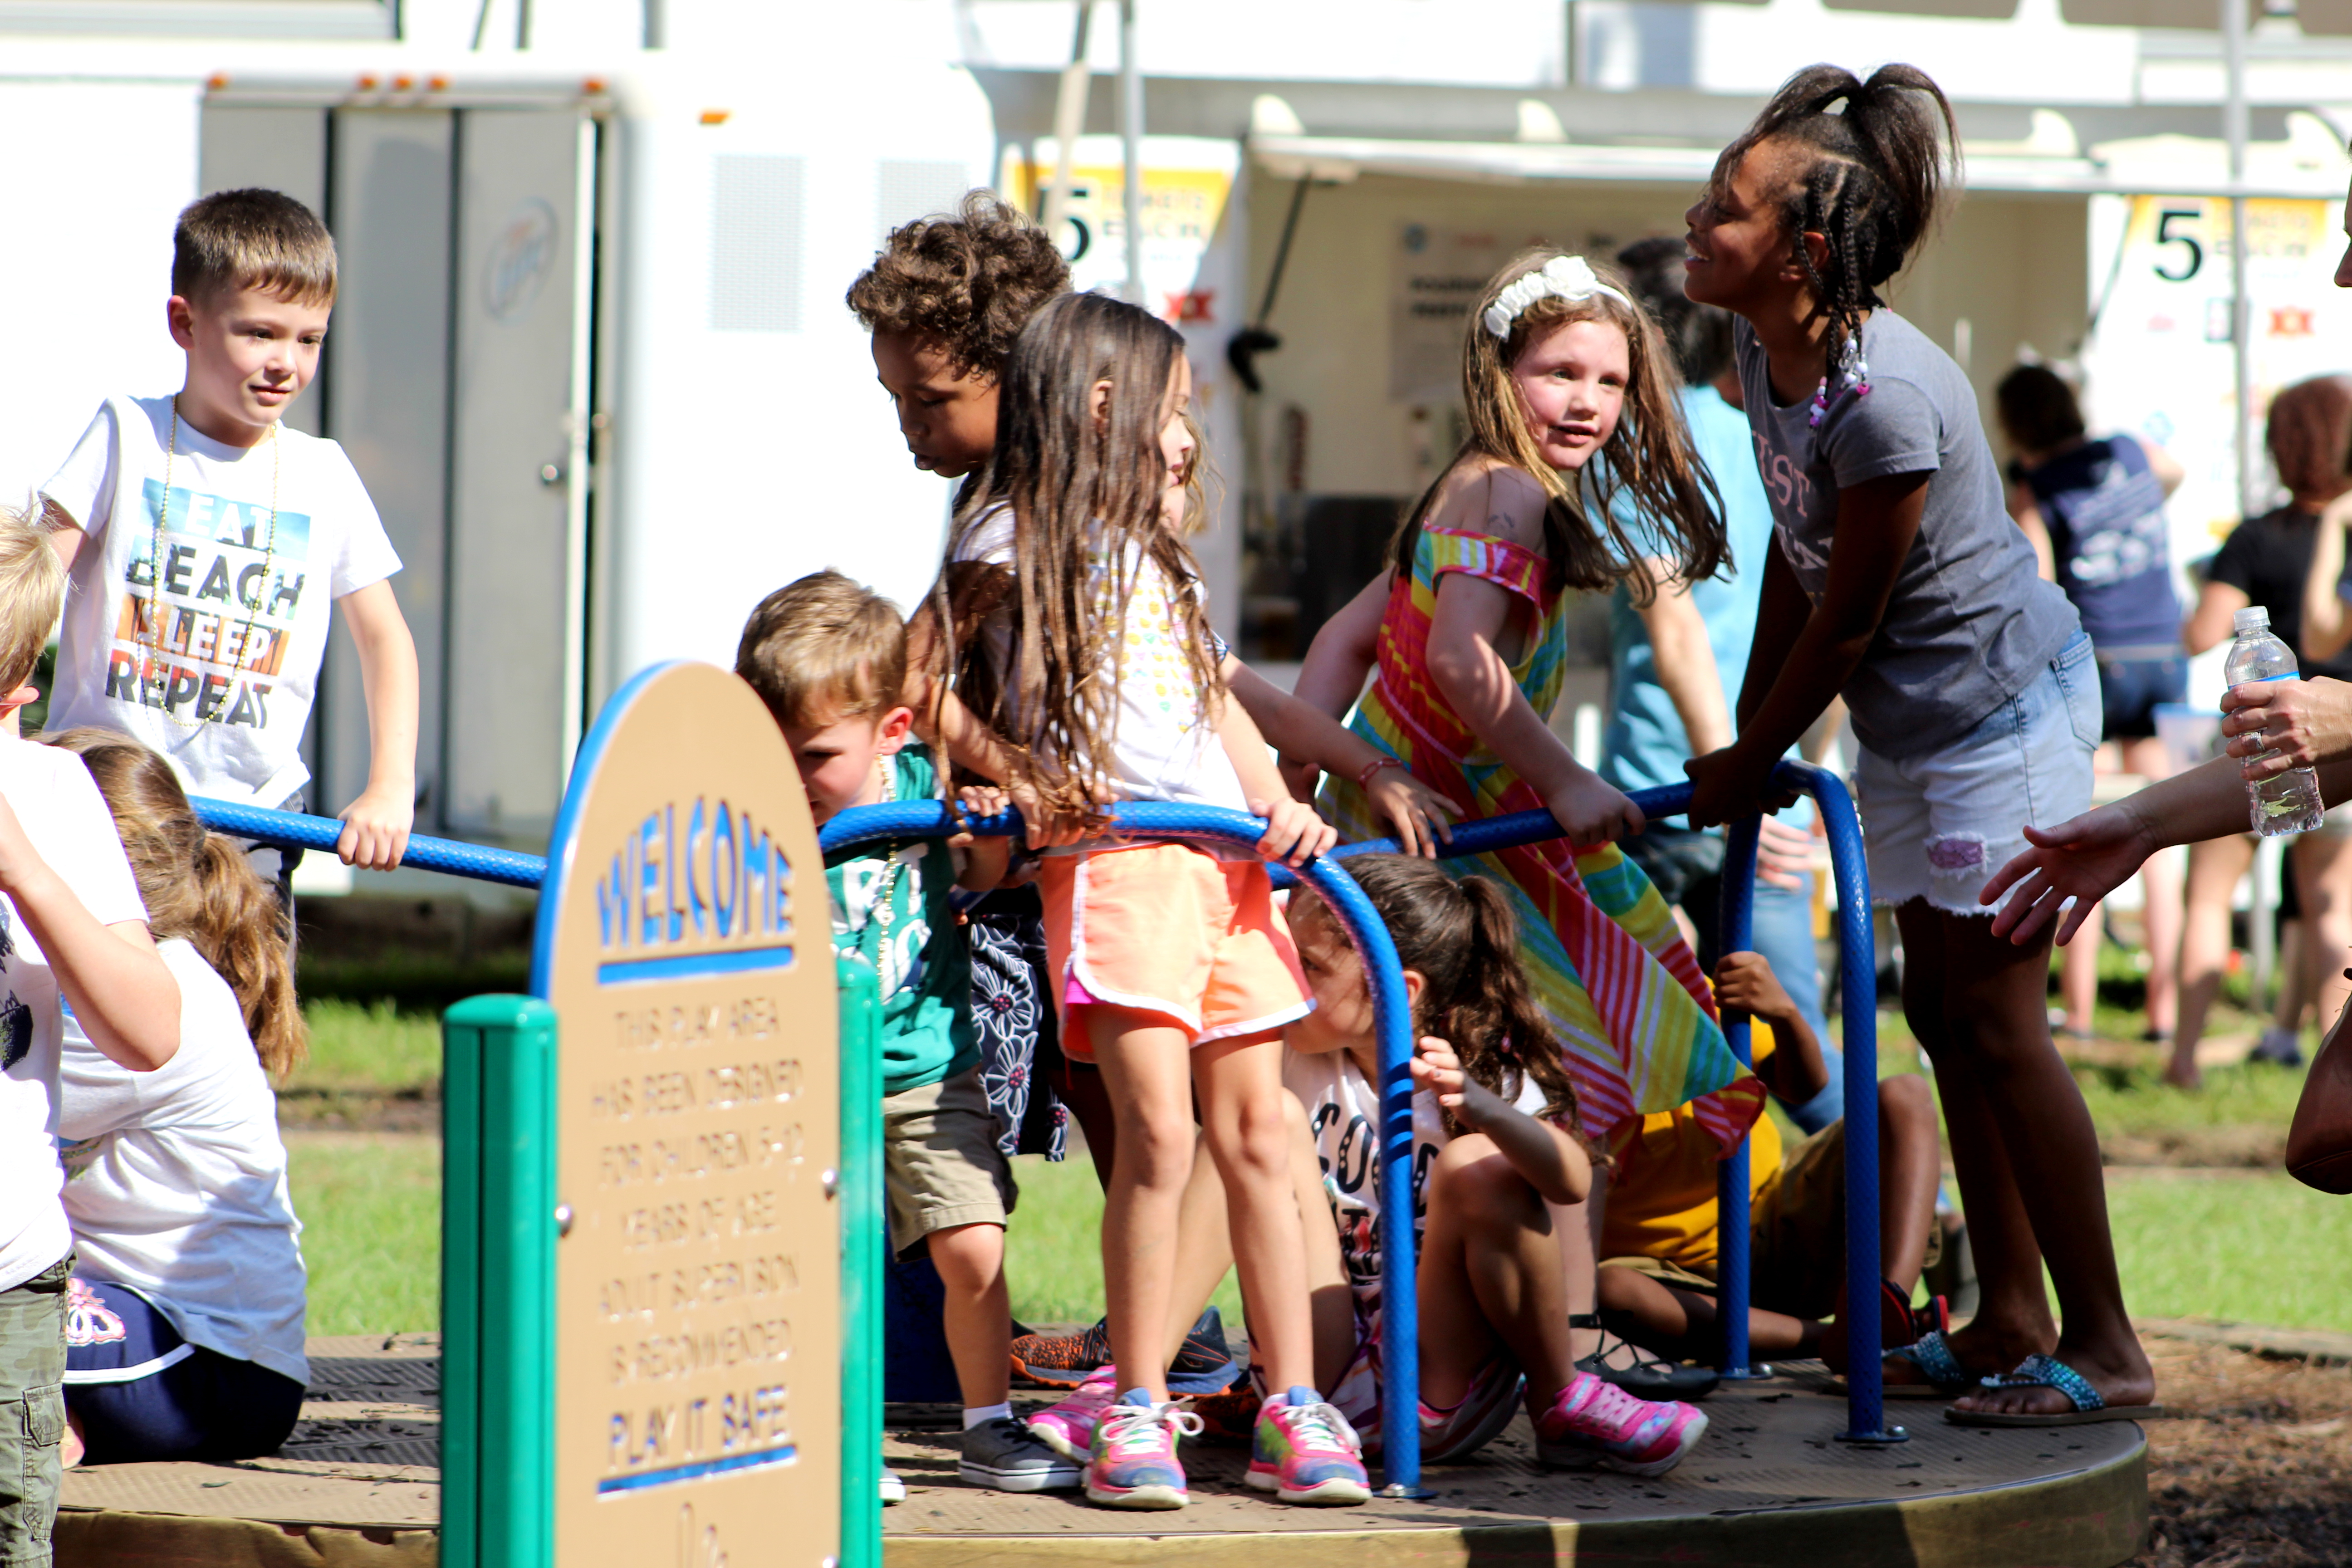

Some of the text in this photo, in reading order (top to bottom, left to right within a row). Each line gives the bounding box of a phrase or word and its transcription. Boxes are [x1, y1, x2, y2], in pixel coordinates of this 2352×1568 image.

[2152, 209, 2202, 282] 5
[184, 493, 274, 550] EAT
[126, 533, 306, 620] BEACH
[137, 602, 272, 668] SLEEP
[105, 648, 273, 729] REPEAT
[596, 794, 795, 948] WELCOME
[609, 1383, 791, 1474] PLAY IT SAFE
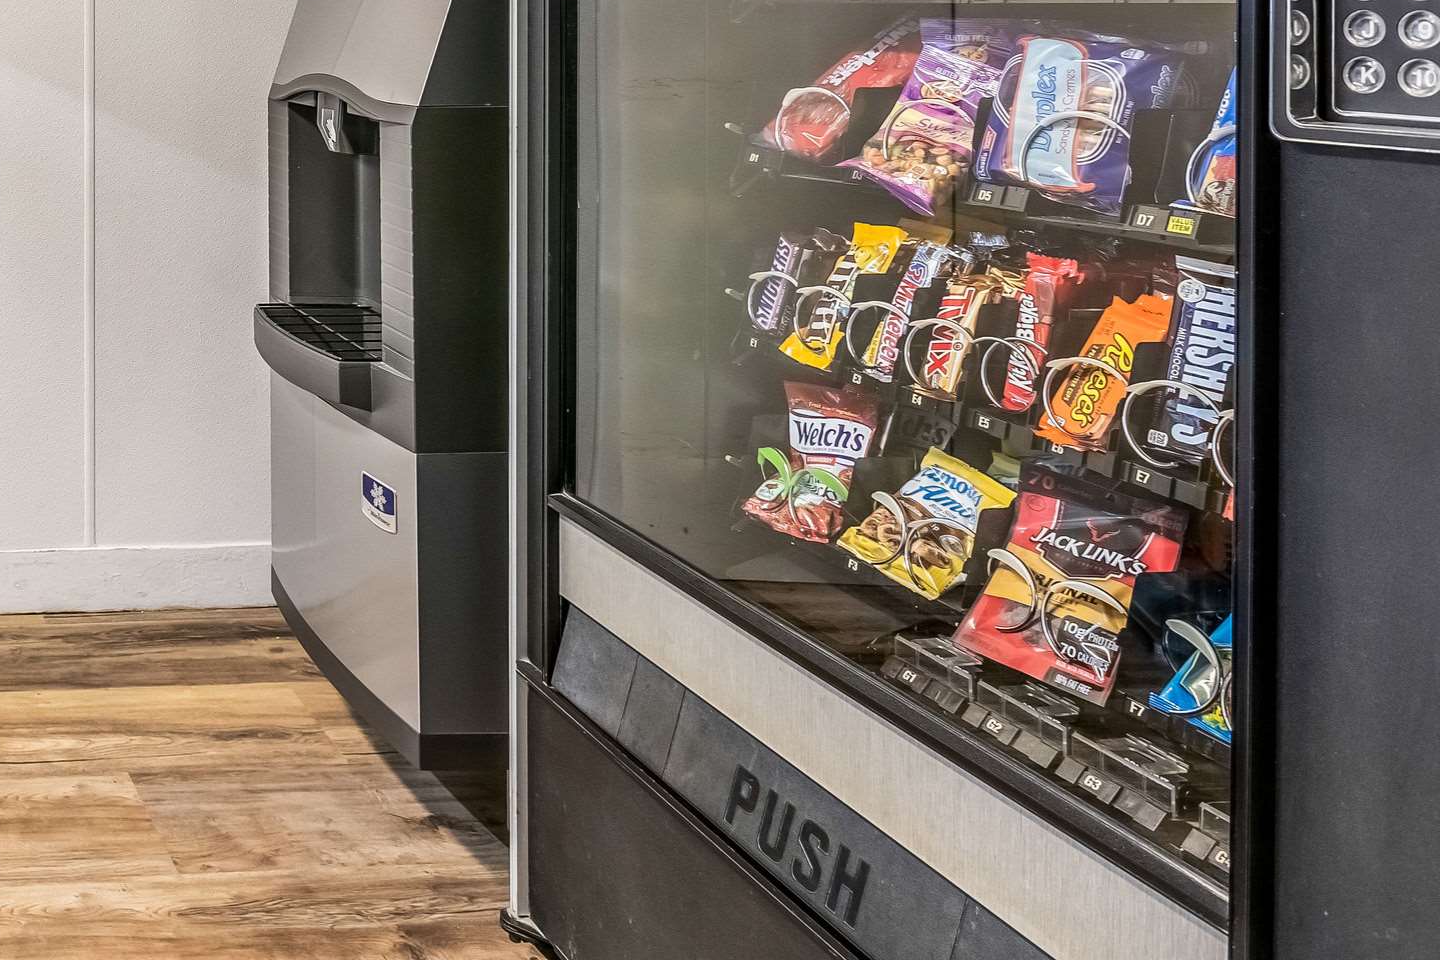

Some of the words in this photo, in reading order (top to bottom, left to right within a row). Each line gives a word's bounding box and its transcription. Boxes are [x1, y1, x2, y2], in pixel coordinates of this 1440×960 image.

[749, 153, 759, 163] D1
[852, 170, 863, 181] D3
[978, 190, 992, 201] D5
[1136, 213, 1154, 227] D7
[1170, 217, 1195, 227] VALUE
[1171, 223, 1192, 233] ITEM
[1177, 327, 1186, 346] MILK
[750, 338, 758, 348] E1
[852, 374, 862, 385] E3
[912, 394, 922, 405] E4
[978, 416, 990, 428] E5
[793, 420, 865, 452] Welch's
[1135, 472, 1150, 484] E7
[1031, 526, 1086, 558] JACK
[1082, 545, 1147, 576] LINK'S
[848, 560, 858, 571] F3
[1060, 642, 1077, 660] 70
[902, 670, 916, 682] G1
[1129, 701, 1145, 717] F7
[986, 719, 1002, 733] G2
[1084, 776, 1101, 791] G3
[722, 764, 871, 930] PUSH
════════════════════
Hand back the data above exactly, leaving out all pictures.

Some of the text in this photo, in reading order (top to bottom, left to right within a row). Each line gives the bounding box of a phrase or word and its transcription. Boxes are [x1, y1, x2, y2], in pixel coordinates of this 2352×1568 image.

[2152, 209, 2202, 282] 5
[184, 493, 274, 550] EAT
[126, 533, 306, 620] BEACH
[137, 602, 272, 668] SLEEP
[105, 648, 273, 729] REPEAT
[596, 794, 795, 948] WELCOME
[609, 1383, 791, 1474] PLAY IT SAFE

Some of the words in this photo, in reading order (top to bottom, left to right within a row). Each line gives a word's bounding box and its transcription. Boxes are [x1, y1, x2, y2], in pixel coordinates of this 1440×960 image.

[749, 153, 759, 163] D1
[852, 170, 863, 181] D3
[978, 190, 992, 201] D5
[1136, 213, 1154, 227] D7
[1170, 217, 1195, 227] VALUE
[1171, 223, 1192, 233] ITEM
[1177, 327, 1186, 346] MILK
[750, 338, 758, 348] E1
[852, 374, 862, 385] E3
[912, 394, 922, 405] E4
[978, 416, 990, 428] E5
[793, 420, 865, 452] Welch's
[1135, 472, 1150, 484] E7
[1031, 526, 1086, 558] JACK
[1082, 545, 1147, 576] LINK'S
[848, 560, 858, 571] F3
[1060, 642, 1077, 660] 70
[902, 670, 916, 682] G1
[1129, 701, 1145, 717] F7
[986, 719, 1002, 733] G2
[1084, 776, 1101, 791] G3
[722, 764, 871, 930] PUSH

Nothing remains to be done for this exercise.